In the Cool of the Morning
By Bobby Neal Winters
I sat out on the drive way this morning in my
undershirt. I had a cup of coffee in my
hand and I was listening to Crosby, Stills, and Nash do The Southern Cross on my iPhone.
I was in the shade and it was cool, but I looked at the sun play in the
new leaves on the top of the oak Jean and I had planted. I followed it down and
my eyes caught the peach tree she and I had planted to shade the hostas; it has
grown enough that it now is now doing its job.
Behind the hostas were the milkweed plants. Jean has hung strings from the gutters and is
training the milkweeds to climb them. This
is for the monarch butterflies that will come through later in the year.
One week ago I was sitting at KU Medical center having
washer-like objects called fiducials put on my head. This was proceeding an MRI that would create
a 3-dimensional map of my head. The 3D
map was so that they would be able to perform surgery to remove a tumor that
had grown over the last few decades on my pituitary gland.
I was calm because this was my second run at it. The week before they had attempted the
surgery but had stopped because my blood pressure had jumped to 220/100, a new
record for someone whose BP usually runs 125/80. My multidisciplinary team put
their heads together, scratched their collective temple, and decided to reboot
one week later.
One suspect in the mix is a product known over the counter
as Afrin. The ENT (ear, nose, and throat)
guys use it in surgery to control nasal bleeding. The ENT guys were a part of my multidisciplinary
team because pituitary surgery usually proceeds through the nose these
days. They put a tube up your nose,
entering the sphenoid sinus and then crack into the sella turca (a bone shaped
like a Turkish saddle—whatever the hell they are) on which the pituitary gland
sits.
Afrin is shockingly dangerous stuff for something that
available over the counter. The guys,
using their collective wisdom, switched to an older product that is not
available over the counter but is very much familiar to us in story and song: cocaine.
Seriously.
They used cocaine instead of Afrin, but they didn’t tell me
this before surgery. I needed to be calm
when I went under, and I was. Calmer than I had been the week before when we
did our trial run.
The week before, I went under as they were rolling me off to
prep me. They were making happy talk to
me after they had put an “oxygen” mask over my face. I awoke after having noted zero passage of
time and hearing the words “We didn’t do your procedure.”

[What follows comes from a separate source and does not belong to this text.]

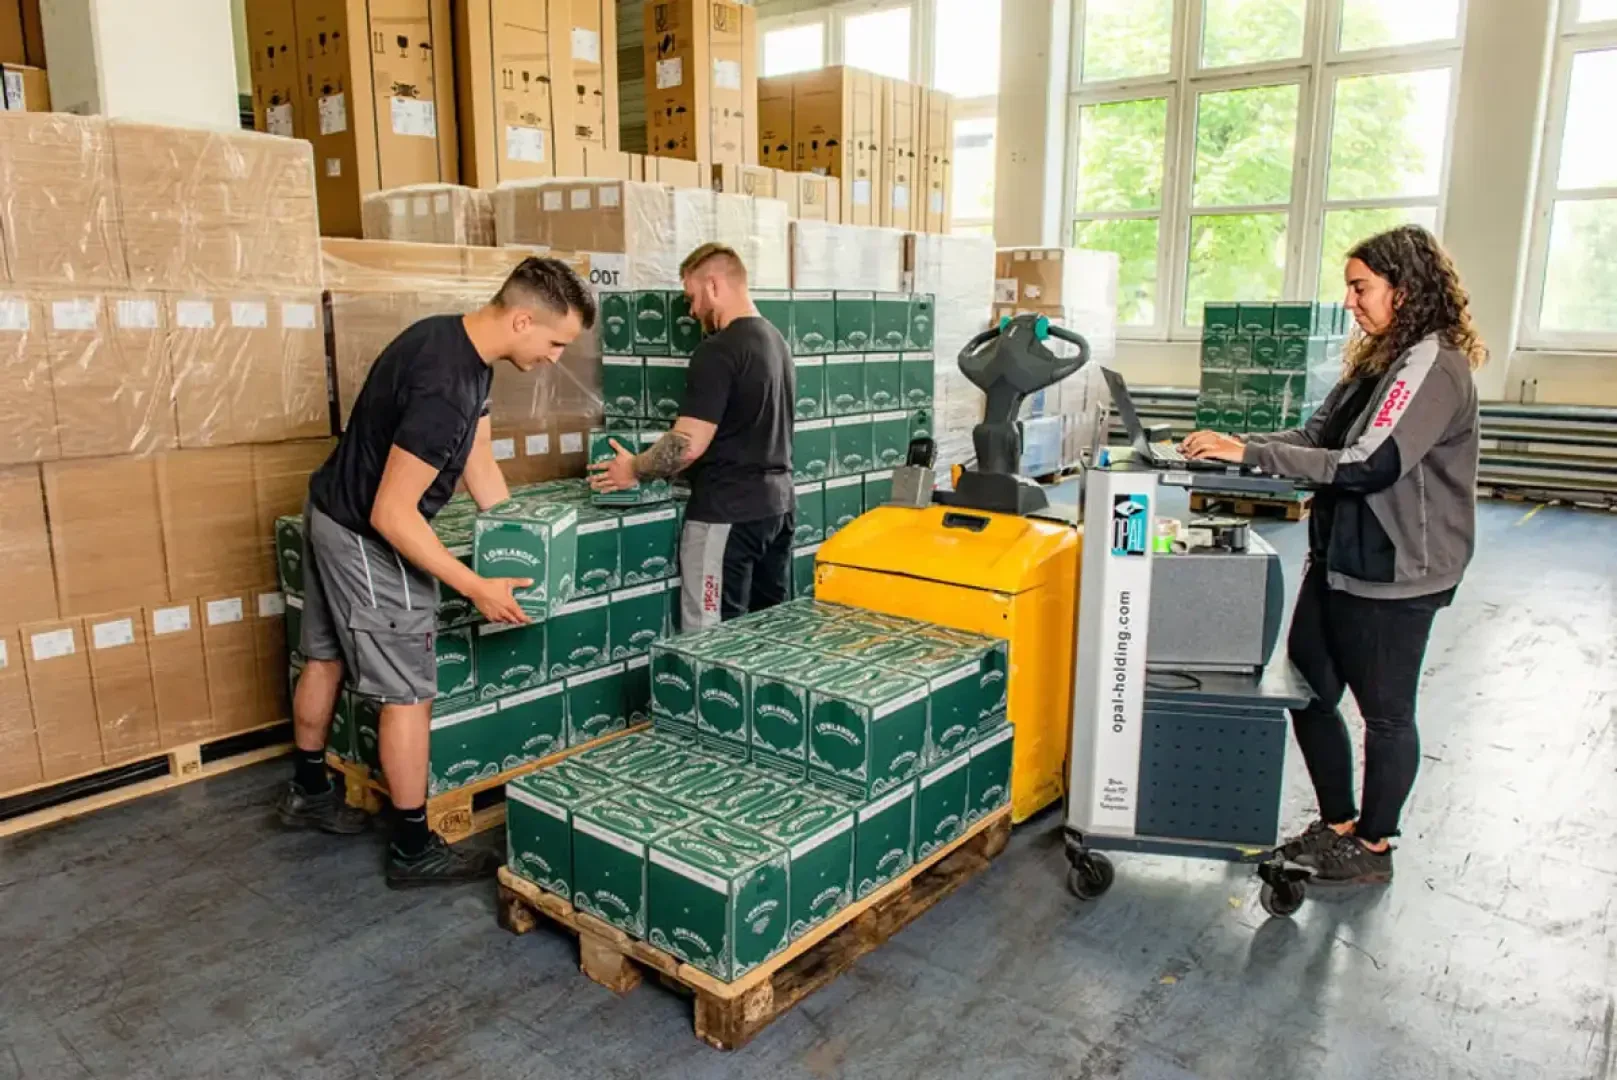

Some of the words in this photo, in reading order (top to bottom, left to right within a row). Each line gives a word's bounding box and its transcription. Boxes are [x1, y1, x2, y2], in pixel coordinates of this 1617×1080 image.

In spite of not having had my procedure done, they had
inserted a catheter and they had shaved my belly. If going in through the nose to get to a
gland that hangs from the brain is confusing, then so is shaving a belly to the
nth-degree.
They use a piece of abdominal fat to aid the healing
process. They had prepped my tummy in order
to remove it. Those of you who have seen
me in person will remark to themselves that I have it to spare; everyone makes
that joke. When I started to make it to
my surgeon, she pre-empted me, having heard it too many times.

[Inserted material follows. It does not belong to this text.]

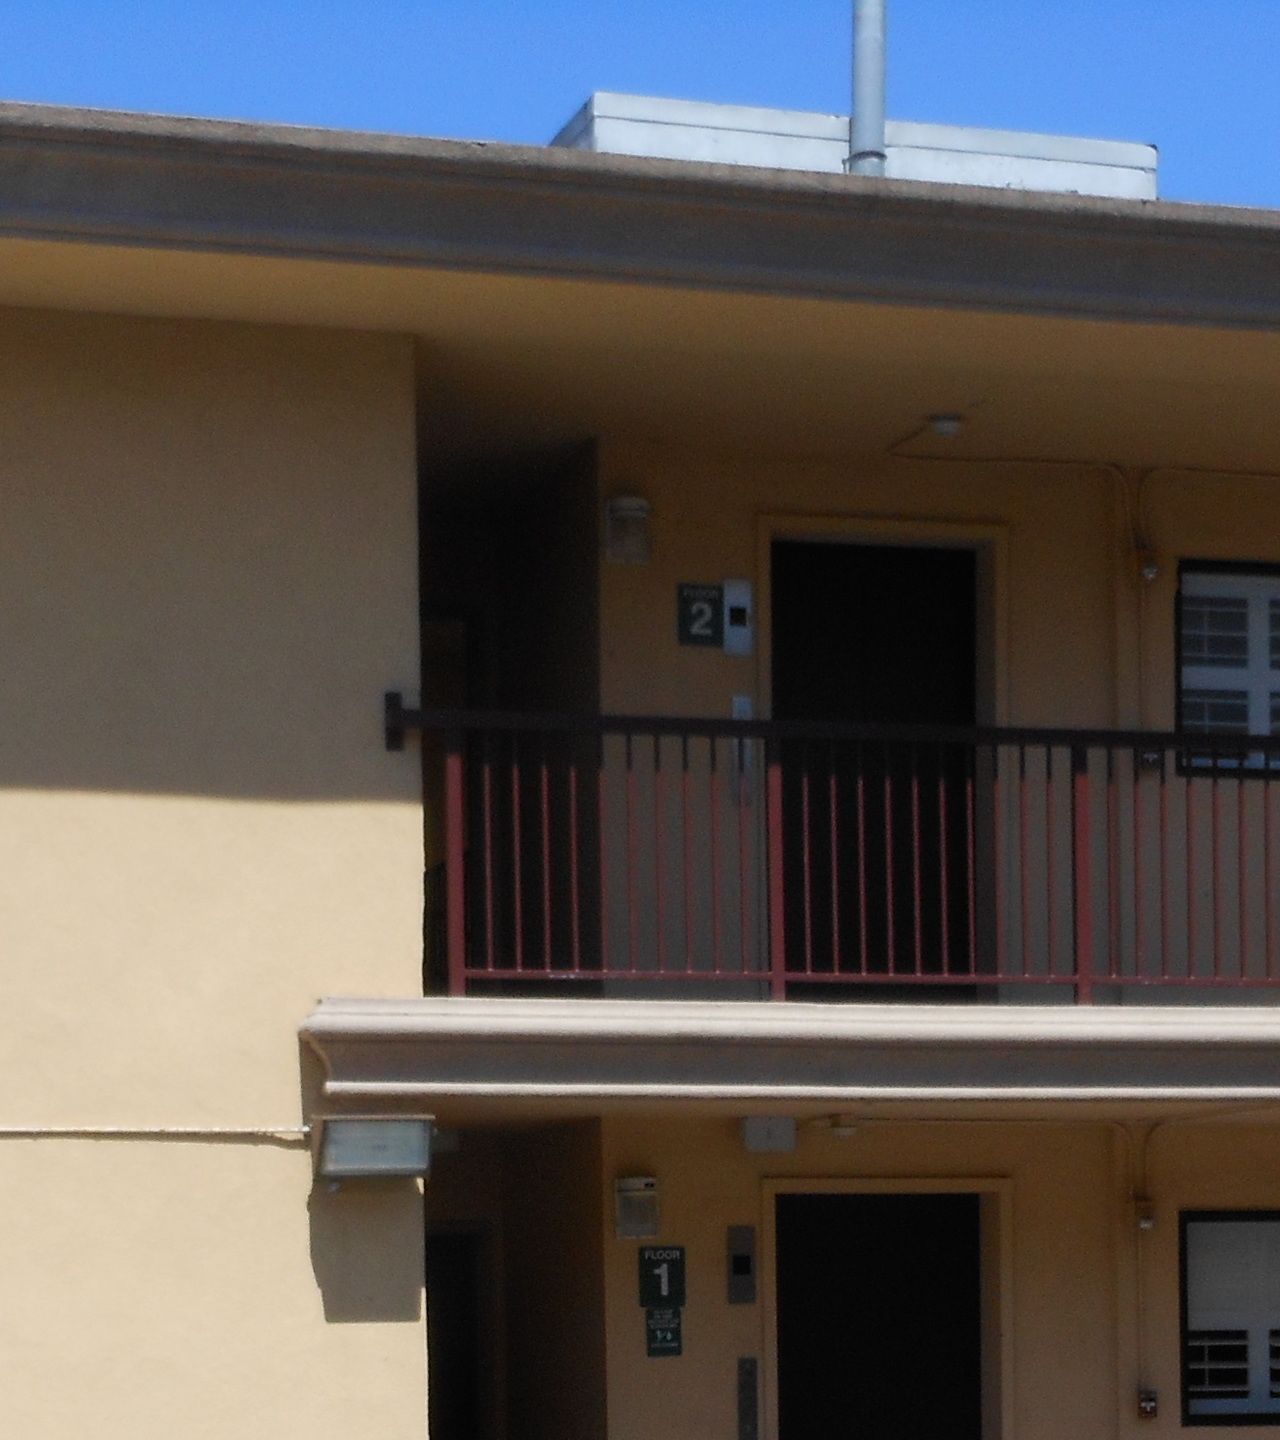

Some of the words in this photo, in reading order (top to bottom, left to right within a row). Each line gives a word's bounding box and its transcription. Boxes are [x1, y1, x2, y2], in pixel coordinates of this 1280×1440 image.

[690, 601, 713, 636] 2
[645, 1249, 681, 1260] FLOOR
[653, 1263, 669, 1296] 1

In any case, a lot had been done to me that I had not
noticed. Time had passed in a darkness
deeper than sleep.
It occurred to me that the happy talk I’d heard as I went
under could’ve been the last words I’d heard on this earth. The nothingness was absolutely total.
It was calming.
That one week later--on the day of the real surgery—I was
calm. I knew that my BP could spike dangerously, but I also knew they were
ready for it this time. But even if not,
I knew that if It happened, then I would never know.
My thoughts were all with my family. My family is strong because my wife Jean is
strong. She would, herself, be supported by our girls who she has raised to be
strong and by her mother, the one who raised her.
But I lived.
My surgeon, a woman who is famously meticulous among the
hospital staff, spent the afternoon plucking a tumor the size of a black-eyed pea
out from the middle of my head. She would take a bit, the BP would rise; she’d
let the BP go down and then take a little more.
It took hours to get the little son-of-a-bitch out.
When I awoke this time, they asked me how I felt and I knew
the procedure had been done. I told them
I felt like I’d been punched in the nose and cut in the gut. The two-inch incision where they’d taken the
fat was on fire. My nose throbbed. They started putting the Vicodin (hydrocodone
+ acetomenaphine) to me and that made everything better.
We are now at surgery plus one week. I’ve spent a good deal of time napping in a
Vicodin-induced haze, but over the last couple of days I’ve been weaning myself
off of it. I will have plenty of time to
sleep when I’m dead; that I know.
In the meantime, mornings like the one we had today are
simply too rare. God is too good to us for us to ignore his grace.